### PROBLEM TO WORK ON
A word-for-word copy of every entry below is required; the images do not belong in it.

Images for object localization

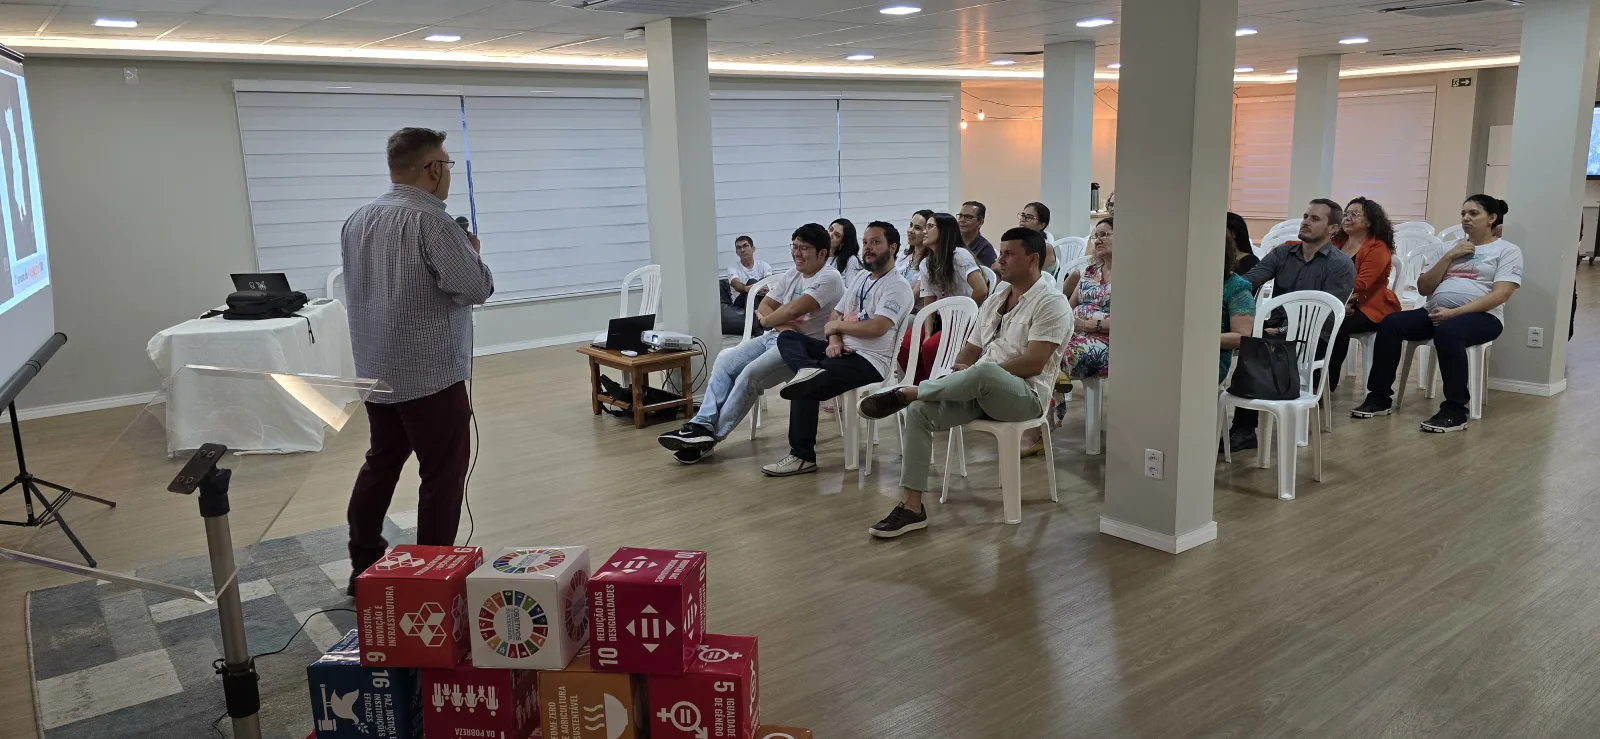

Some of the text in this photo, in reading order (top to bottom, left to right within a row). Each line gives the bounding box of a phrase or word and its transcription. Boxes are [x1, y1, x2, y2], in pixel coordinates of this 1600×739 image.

[363, 606, 373, 646] INDÚSTRIA,
[374, 611, 386, 647] INOVAÇÃO
[385, 586, 396, 647] INFRAESTRUTURA
[594, 591, 606, 642] REDUÇÃO DAS
[606, 584, 617, 642] DESIGUALDADES
[366, 652, 387, 662] 9
[598, 647, 618, 667] 10
[372, 670, 390, 688] 16
[714, 681, 735, 692] 5
[363, 693, 373, 723] EFICAZES
[374, 693, 386, 737] INSTITUIÇÕES
[384, 693, 393, 708] PAZ,
[558, 686, 569, 734] AGRICULTURA
[569, 694, 581, 739] SUSTENTÁVEL
[714, 697, 723, 707] DE
[726, 698, 736, 737] IGUALDADE
[385, 709, 396, 735] JUSTIÇA
[454, 728, 485, 737] POBREZA
[548, 702, 558, 739] FOME ZERO

### SOLUTION
Some of the text in this photo, in reading order (top to bottom, left to right within a row). Each line gives the bounding box of a phrase or word and its transcription. Boxes are [x1, y1, x2, y2], in pixel coordinates of this 1600×739 image.

[363, 606, 373, 646] INDÚSTRIA,
[374, 611, 386, 647] INOVAÇÃO
[385, 586, 396, 647] INFRAESTRUTURA
[594, 591, 606, 642] REDUÇÃO DAS
[606, 584, 617, 642] DESIGUALDADES
[366, 652, 387, 662] 9
[598, 647, 618, 667] 10
[372, 670, 390, 688] 16
[714, 681, 735, 692] 5
[363, 693, 373, 723] EFICAZES
[374, 693, 386, 737] INSTITUIÇÕES
[384, 693, 393, 708] PAZ,
[558, 686, 569, 734] AGRICULTURA
[569, 694, 581, 739] SUSTENTÁVEL
[714, 697, 723, 707] DE
[726, 698, 736, 737] IGUALDADE
[385, 709, 396, 735] JUSTIÇA
[454, 728, 485, 737] POBREZA
[548, 702, 558, 739] FOME ZERO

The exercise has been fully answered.